Microsoft provided a feature that users could apply Office 365 labels and data loss prevention (DLP) policies for SharePoint Online team sites with various levels of information protection. This looks exciting to design and deploy Office 365 labels and DLP policies for baseline, sensitive, and highly confidential SharePoint Online team sites highlighted in this Microsoft article.

One of the use case is to use SharePoint policy to label one document library as high sensitive and do not allow to share with external users. External users are no allowed to request access. After you configure the policy, the document in the library will have a small icon to indicate the policy. See the screenshot. This looks good so far.

However, after few days configuration, debugging, and discussion with Microsoft, this DLP feature seems to be funny and stupid that will fail completely! Here are few issues and I’ll provide the real life example to explain the details.

The first issue is after the label and policy applied, it may take one day to apply to SharePoint site and seven days to synced to the item. When you have policy enabled on the document library, any document uploaded will NOT have the policy until policy applied up to one day delay. In previous screenshot, you will see two documents do not have the policy applied at that time!
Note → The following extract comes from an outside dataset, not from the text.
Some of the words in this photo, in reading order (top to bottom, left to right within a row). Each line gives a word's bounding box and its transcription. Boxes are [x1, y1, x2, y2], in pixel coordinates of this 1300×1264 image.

This is like a law officer like policeman add a "Stop" sign to the road. However, it will not take effect until a day later. Every new car arrived to this street will not see the sign until one day later. This is to every new car!!!

The second issue is user can edit the document properties and remove the label. See screenshot below.
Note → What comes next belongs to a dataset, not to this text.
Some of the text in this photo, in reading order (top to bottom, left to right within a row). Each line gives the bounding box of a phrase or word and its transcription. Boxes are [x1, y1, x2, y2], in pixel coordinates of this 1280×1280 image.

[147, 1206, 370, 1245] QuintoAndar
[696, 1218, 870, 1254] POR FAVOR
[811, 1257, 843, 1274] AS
This is like a law officer like policeman add a "Stop" sign to the road. However, driver can remove the stop sign! Every driver can remove the stop sign!!!
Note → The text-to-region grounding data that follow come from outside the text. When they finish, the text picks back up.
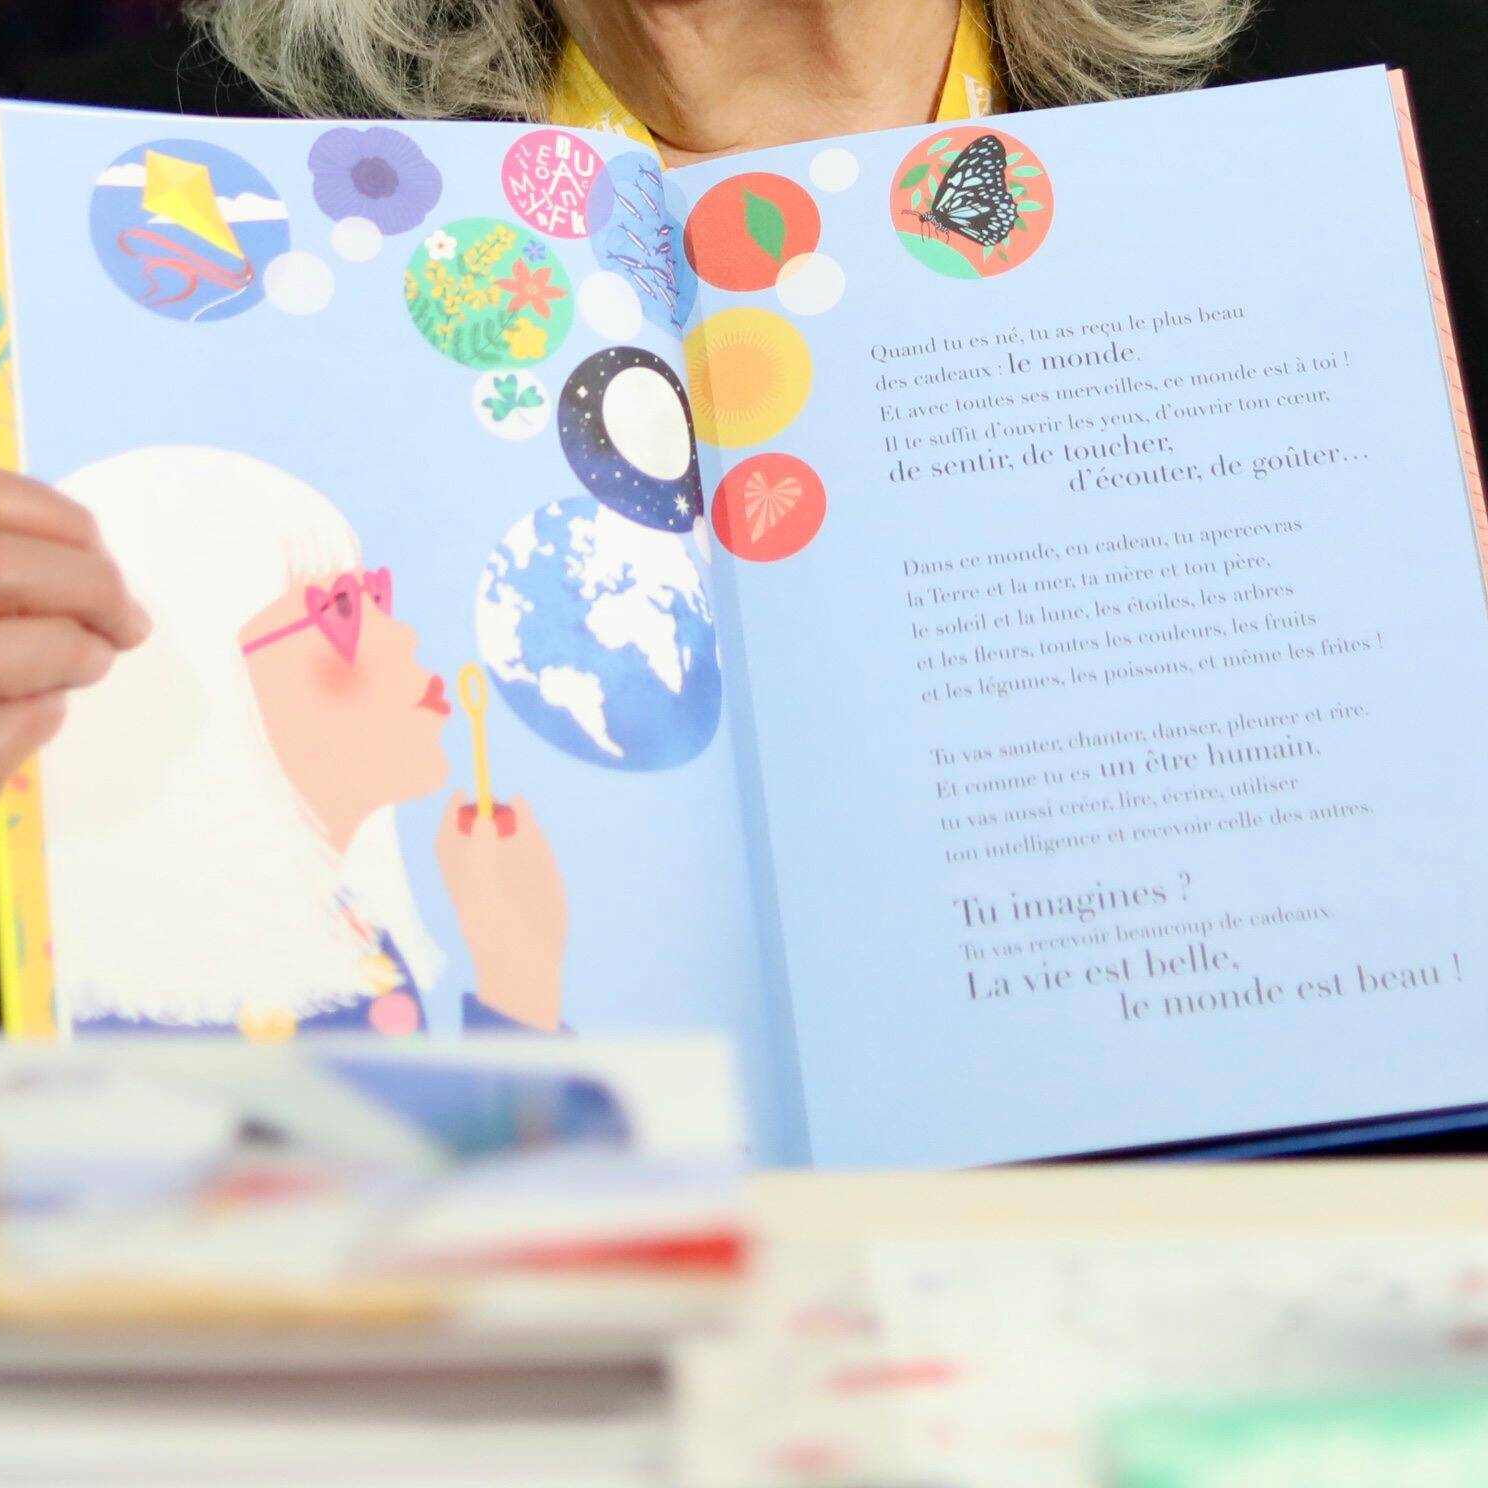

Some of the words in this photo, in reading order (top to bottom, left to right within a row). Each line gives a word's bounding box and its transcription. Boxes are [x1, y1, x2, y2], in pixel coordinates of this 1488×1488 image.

[870, 337, 936, 364] Quand
[943, 338, 963, 351] tu
[969, 336, 989, 348] es
[1029, 328, 1050, 342] tu
[1055, 326, 1075, 338] as
[1081, 322, 1123, 337] reçu
[1129, 314, 1145, 330] le
[1152, 310, 1192, 334] plus
[1197, 306, 1245, 323] beau
[875, 372, 908, 392] des
[914, 366, 991, 386] cadeaux
[1008, 352, 1031, 374] le
[881, 405, 901, 422] Et
[908, 403, 948, 418] avec
[955, 395, 1014, 412] toutes
[1021, 391, 1050, 404] ses
[1163, 377, 1183, 389] ce
[1190, 363, 1257, 386] monde
[1263, 361, 1289, 377] est
[1296, 357, 1307, 373] à
[1312, 353, 1337, 371] toi
[885, 435, 898, 453] Il
[905, 437, 922, 450] te
[929, 426, 977, 446] suffit
[985, 416, 1062, 439] d'ouvrir
[1068, 414, 1094, 430] les
[1155, 398, 1232, 420] d'ouvrir
[1238, 398, 1270, 411] ton
[888, 459, 921, 483] de
[1022, 443, 1054, 467] de
[1210, 454, 1242, 477] de
[903, 559, 954, 577] Dans
[959, 556, 980, 568] ce
[1065, 544, 1089, 557] en
[1174, 531, 1193, 545] tu
[1200, 520, 1302, 547] apercevras
[907, 591, 924, 607] la
[927, 587, 980, 604] Terre
[986, 583, 1004, 597] et
[1010, 578, 1028, 594] la
[1080, 573, 1099, 586] ta
[1105, 565, 1153, 583] mère
[1160, 563, 1176, 578] et
[1184, 562, 1217, 576] ton
[912, 622, 929, 639] le
[935, 613, 986, 636] soleil
[993, 614, 1010, 628] et
[1017, 608, 1035, 625] la
[1095, 600, 1121, 617] les
[1200, 589, 1227, 606] les
[1233, 583, 1294, 602] arbres
[917, 656, 933, 671] et
[941, 650, 968, 667] les
[1039, 638, 1100, 655] toutes
[1105, 631, 1132, 648] les
[1232, 617, 1258, 634] les
[1265, 610, 1317, 630] fruits
[921, 687, 939, 702] et
[945, 683, 973, 700] les
[1070, 666, 1097, 684] les
[1198, 655, 1215, 670] et
[1223, 649, 1282, 667] même
[1287, 643, 1315, 660] les
[1321, 637, 1371, 656] frites
[929, 748, 956, 766] Tu
[962, 748, 993, 762] vas
[1226, 713, 1299, 739] pleurer
[1304, 708, 1322, 723] et
[935, 780, 959, 799] Et
[965, 775, 1037, 795] comme
[1043, 771, 1063, 784] tu
[1070, 769, 1091, 781] es
[1100, 760, 1136, 778] un
[1145, 749, 1197, 773] être
[953, 895, 999, 928] Tu
[1011, 881, 1168, 923] imagines
[966, 969, 1013, 1000] La
[1022, 960, 1072, 993] vie
[1084, 957, 1132, 985] est
[1119, 990, 1150, 1022] le
[1163, 976, 1284, 1017] monde
[1296, 972, 1344, 1000] est
[1355, 963, 1440, 993] beau
The third issue is user can edit the document properties and change the label to a different one event it is not assigned to this library. See screenshot above there are two labels.

This is like a law officer like policeman add a "Stop" sign to the road. However, driver can change it to a different sign like "Slow" sign! Every driver can change the sign to ANY other sign available!!!

Now you will understand why SharePoint Online files with Office 365 labels and DLP protection feature is so funny and stupid! I've raise the user voice in Microsoft user voice site.